Como é frequentemente o caso com a pesquisa que liga a sensibilidade ao glúten a outras complicações de saúde, a pesquisa é mais forte no contexto da doença celíaca. Aproximadamente 60% dos pacientes com doença celíaca são conhecidos por terem condições de fígado, vesícula biliar e / ou pancreáticas 5. Embora algumas dessas condições possam ser resultado da desnutrição e / ou diretamente ligadas ao dano intestinal que ocorre na doença celíaca, outros são pensados para compartilhar fatores genéticos comuns ou têm uma imunopatogênese comum (ou seja, a condição se origina dos mesmos ataques do sistema imune no intestino delgado também atacando esses órgãos). 5.
Especificamente, cirrose biliar primária, colangite esclerosante primária e formas auto-imunes de hepatite ou A colangite é pensada para ter um sistema imunológico comum / origem inflamatória como doença celíaca em si, e isso significa glúten.
O que isto significa? Na doença celíaca (e na sensibilidade ao glúten não celíaco, embora em menor grau ou talvez apenas de maneira ligeiramente diferente), o glúten desencadeia uma resposta auto-imune. O próprio sistema imunológico do corpo ataca as células que alinham o intestino delgado, resultando no característico encurtamento ou poda das vilosidades intestinais (projeções microscópicas, em forma de dedo, de tecido de parede do intestino delgado feito de colunas de células epiteliais intestinais). Como você pode imaginar, isso cria um intestino muito vazado, que também estimula o sistema imunológico, causa inflamação e permite toxinas e proteínas estranhas no corpo. Na maioria dos pacientes com doença celíaca, o sistema imune não limita seu ataque às células que alinham o intestino delgado. É por isso que a segunda e até terceira condições auto-imunes são tão comuns na doença celíaca.

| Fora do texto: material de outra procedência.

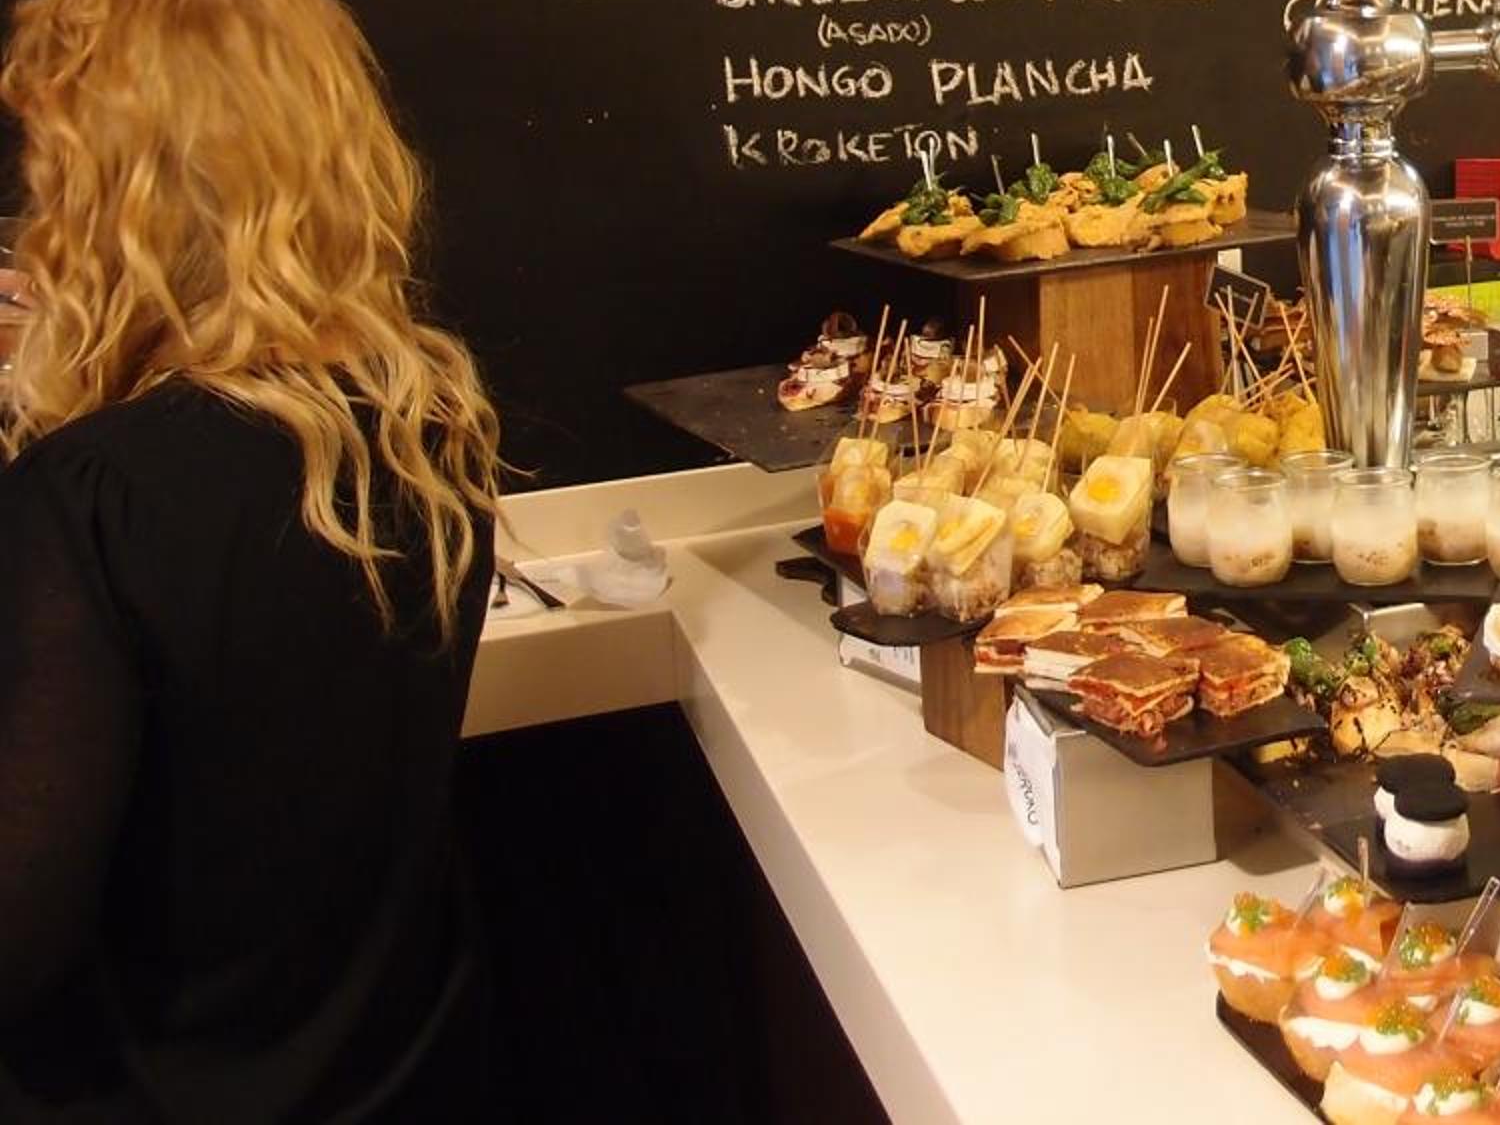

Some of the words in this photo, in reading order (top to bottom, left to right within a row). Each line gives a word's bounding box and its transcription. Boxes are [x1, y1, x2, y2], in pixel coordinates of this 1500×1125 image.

[817, 13, 932, 47] (ASADO)
[723, 56, 892, 102] HONGO
[930, 52, 1152, 105] PLANCHA

Quando você come, as células que alinham o duodeno (o primeiro segmento do intestino delgado) detectam a presença de gordura e proteína e reagem soltando um hormônio chamado colecistoquinina. Este hormônio estimula a liberação de enzimas digestivas do pâncreas e da bile da vesícula biliar. Ele também sinaliza o estômago para diminuir a velocidade da digestão, de modo que o intestino delgado possa digerir com eficiência as gorduras. Quando o intestino está danificado (seja por doença celíaca ou outra patologia intestinal), as células que alinham o intestino delgado (chamados enterócitos ou células epiteliais intestinais) são menos capazes de secretar colecistoquinina. Isso significa que não há sinal suficiente para a vesícula biliar que é hora de liberar os sais biliares para o duodeno. A liberação reduzida de colecistoquinina é relatada em doença celíaca e pode ser uma das principais causas do mau funcionamento da vesícula biliar que ocorre concomitantemente com celíacos 6-8.

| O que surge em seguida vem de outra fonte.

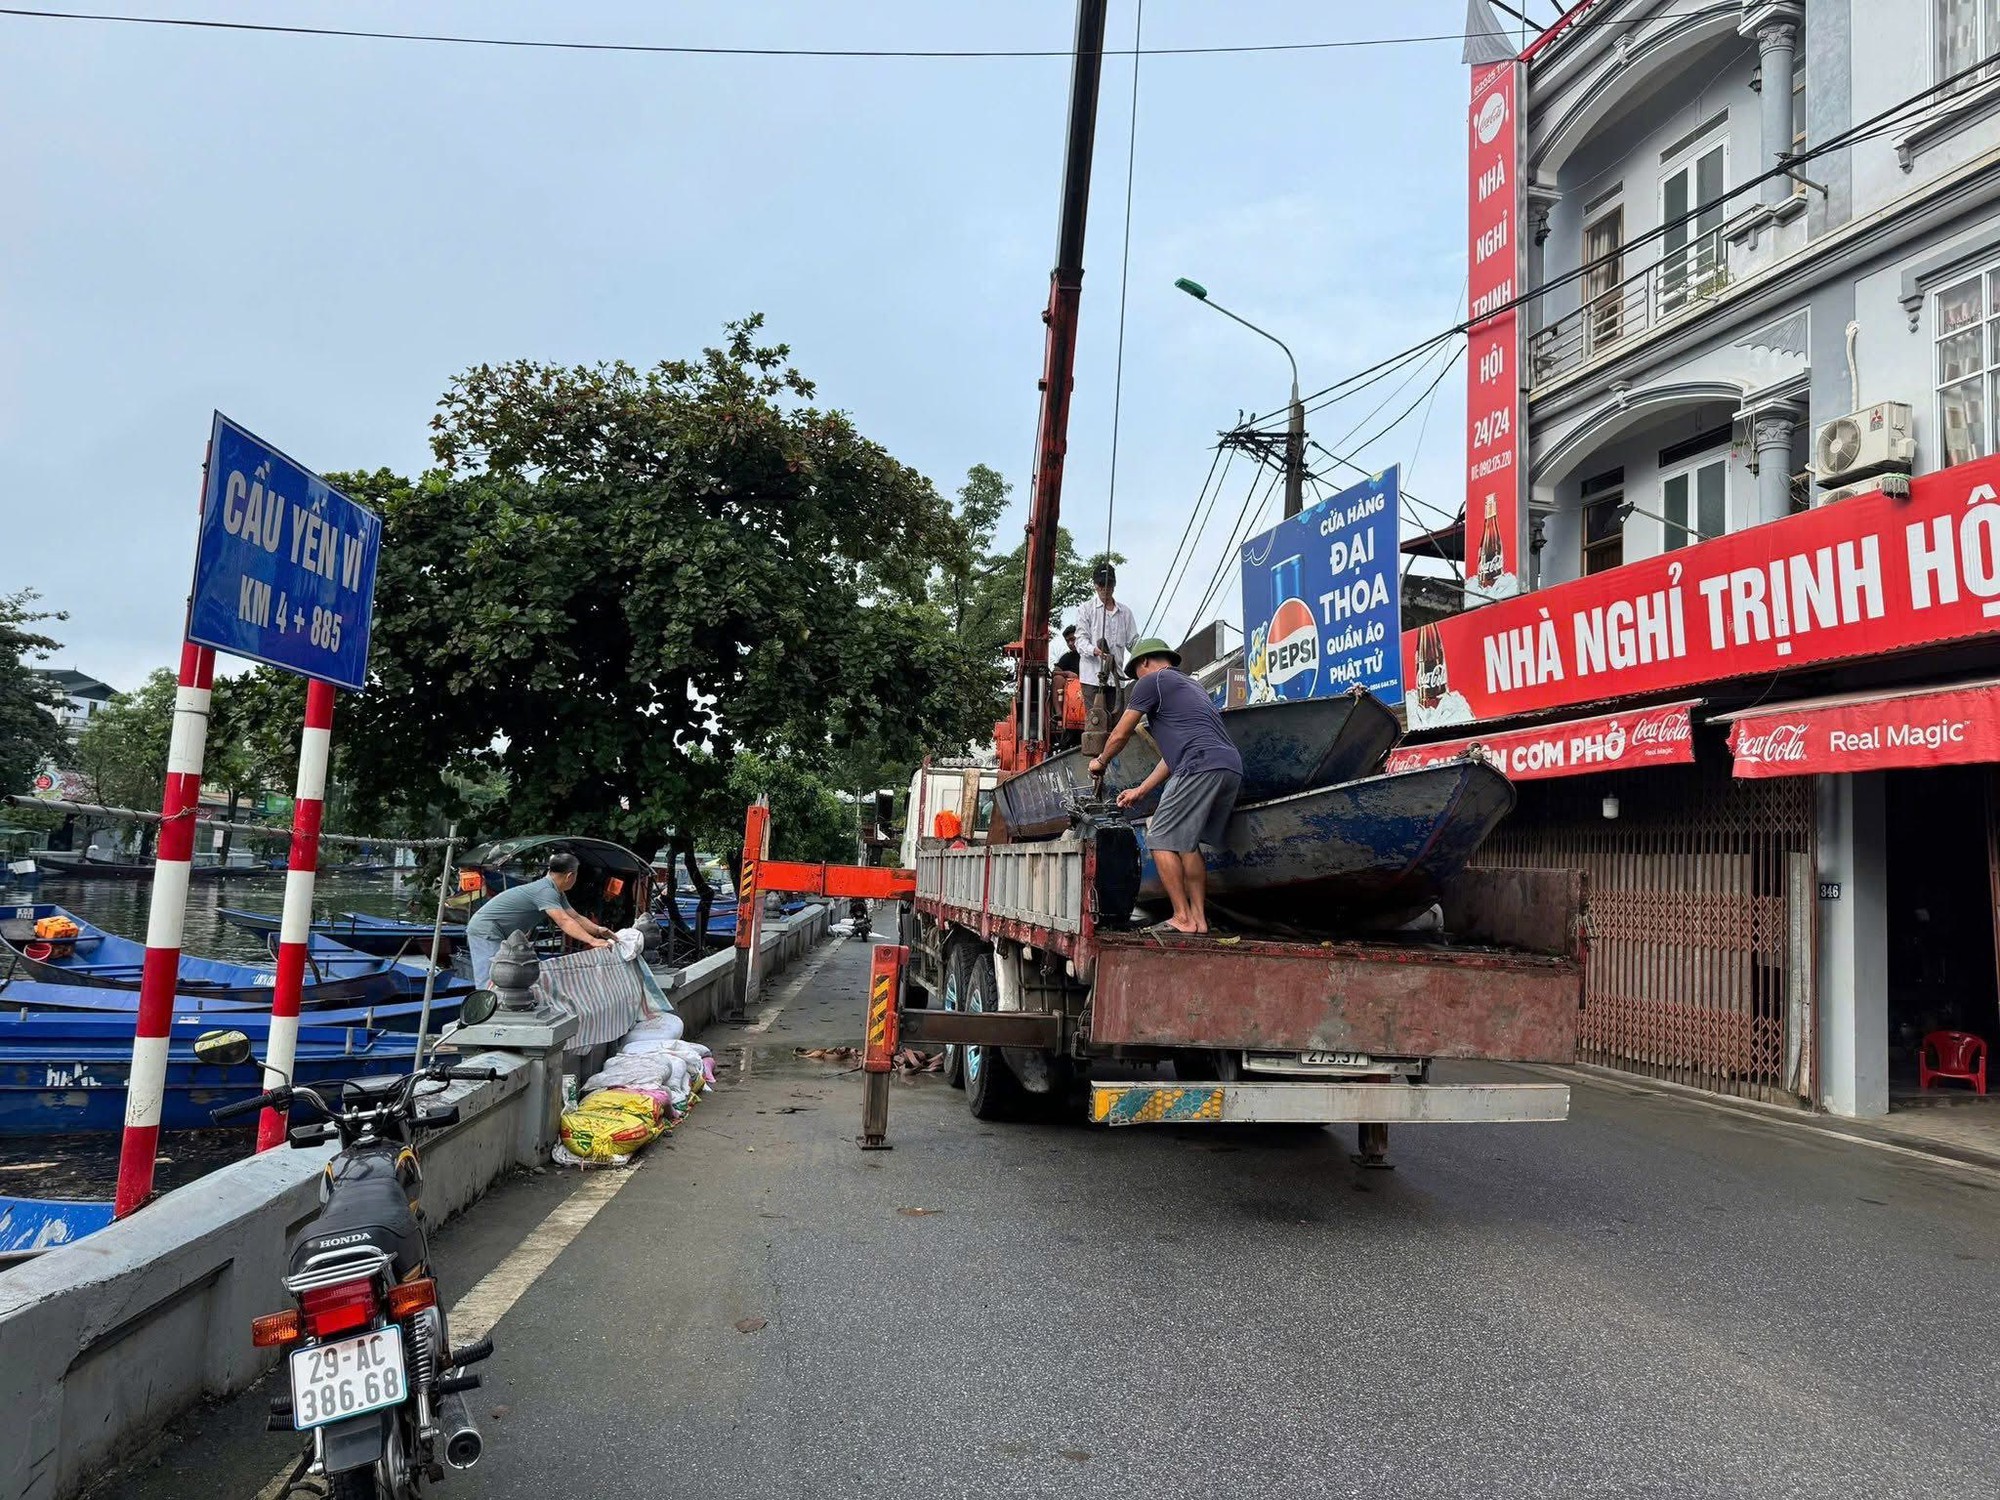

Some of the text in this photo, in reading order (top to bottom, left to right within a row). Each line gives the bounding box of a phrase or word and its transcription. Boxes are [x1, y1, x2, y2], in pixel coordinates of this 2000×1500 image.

Importante para esta discussão, os sintomas dominantes da vesícula biliar que podem ser causados pela sensibilidade ao glúten são colecistites (inflamação da vesícula biliar) ou mal funcionamento da vesícula biliar e não cálculos foliares (relatados em 20% dos pacientes celíacos idosos, mas apenas 2,5% do mais geral população celíaca). A freqüência das condições de fígado e vesícula sofridas por pacientes com doença celíaca permitiu que os pesquisadores fizessem o argumento inverso. Recomenda-se agora que aqueles com sintomas inexplicados de fígado e / ou vesícula biliar sejam avaliados para doença celíaca 9-11. Se você foi diagnosticado com doença da vesícula biliar (especialmente se não é cálculos fecais, mas não descarta essa possibilidade se for), é importante investigar a sensibilidade ao glúten ou doença celíaca como a causa possível. Ninguém já estudou com que frequência alguém com cálculos biliares realmente tem doença celíaca não diagnosticada (ou sensibilidade ao glúten) e há um sentimento dentro da comunidade celíaca de que isso pode ser bastante frequente.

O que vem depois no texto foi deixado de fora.